Niemand habe behauptet, dass die Vereinbarkeit von Beruf und Familie einfach sei, sagte Schwesig. In der alten Bundesrepublik seien überwiegend die Männer Haupternährer der Familien gewesen, während die Frauen beruflich zurückgesteckt hätten, sobald Kinder da waren. In der DDR seien Männer und Frauen beide voll berufstätig gewesen, während die Kinder in Krippen und Kitas betreut wurden. „Heutzutage wollen Eltern gemeinsam Verantwortung für Einkommen und Kindererziehung übernehmen. Väter wie Mütter wollen heute beides: Zeit für die Familie und Zeit für den Beruf.“ Dafür würden Familien Zeit, Geld und eine gute Betreuungs-Infrastruktur benötigen – das seien sozusagen die Top-Drei der Familienpolitik.

Seit ihrem Amtsantritt hat die Familienministerin bereits einiges bewegt. Seit dem 1. Juli gibt es für Eltern die Möglichkeit, im Anschluss an das Elterngeld das neu eingeführte Elterngeld plus zu beziehen, das Einnahmeeinbußen kompensieren soll, wenn Väter und Mütter gleichzeitig Teilzeit arbeiten, um mehr Familienzeit zu haben. Die wirksamste finanzielle Förderung für Familien sei nach wie vor das Kindergeld, das gerade erhöht worden ist ebenso wie der Kinderzuschlag für Familien mit kleinem Einkommen. Alleinerziehende sollten genauso unterstützt werden wie Paare, ist Schwesig überzeugt. Deshalb hat die Politikerin hartnäckig für eine entsprechende Entlastung durch das Familienpaket gekämpft, das der Bundestag im Juni des Jahres beschlossen hat.

Jetzt arbeitet die Bundesfamilienministerin auf eine Familienarbeitszeit hin. Dieses Modell sieht vor, „dass Männer und Frauen in Familienphasen beide vollzeitnah arbeiten können. 32 Wochenstunden zum Beispiel. Die Väter würden ihre Wochenarbeitszeit etwas reduzieren und Frauen würden im Schnitt ihre Wochenstunden erhöhen“, führt Schwesig aus. Anfänglich sei die Ablehnung dafür sehr groß gewesen. Inzwischen werde der Gedanke ernsthaft diskutiert. Auch die Unternehmen seien interessiert, weil „eine gute Vereinbarkeit von Familie und Beruf dazu beiträgt, Fachkräfte an sich zu binden und neue zu werben.“

Auf vielfältige Ablehnung stößt auch das Vorhaben der Ministerin, Kindertagesstätten einzurichten, die eine 24-Stunden-Betreuung anbieten.
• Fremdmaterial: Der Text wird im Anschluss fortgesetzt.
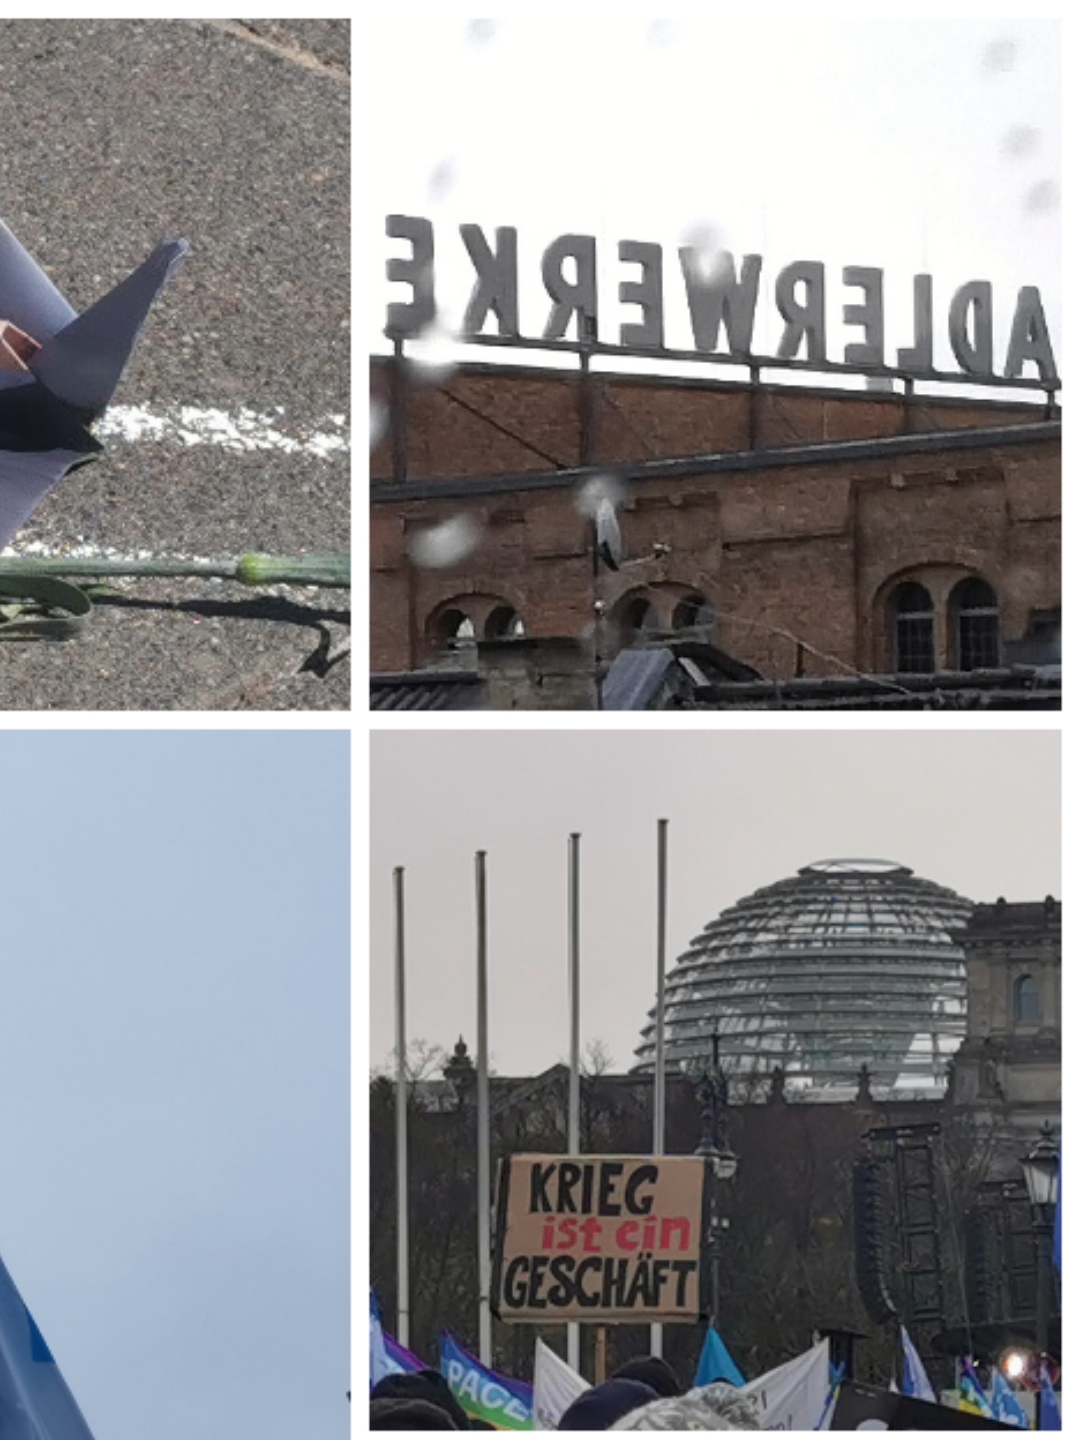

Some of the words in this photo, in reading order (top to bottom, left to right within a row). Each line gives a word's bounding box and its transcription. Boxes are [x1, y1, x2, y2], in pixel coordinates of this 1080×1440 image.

[528, 1163, 659, 1216] KRIEG
[542, 1215, 603, 1253] ist
[615, 1215, 691, 1252] ein
[503, 1252, 697, 1308] GESCHÄFT
[447, 1359, 529, 1422] PACE
Gerade Menschen – insbesondere Frauen -, die im Gesundheitsbereich arbeiten oder in der Altenpflege oder im Gaststättengewerbe seien oftmals arbeitslos, weil sie keine Betreuung für ihre Kinder haben, sagt die Familienministerin.

Mit ihrer Hartnäckigkeit wird sie sicherlich auch diese Vorhaben in die Tat umsetzen.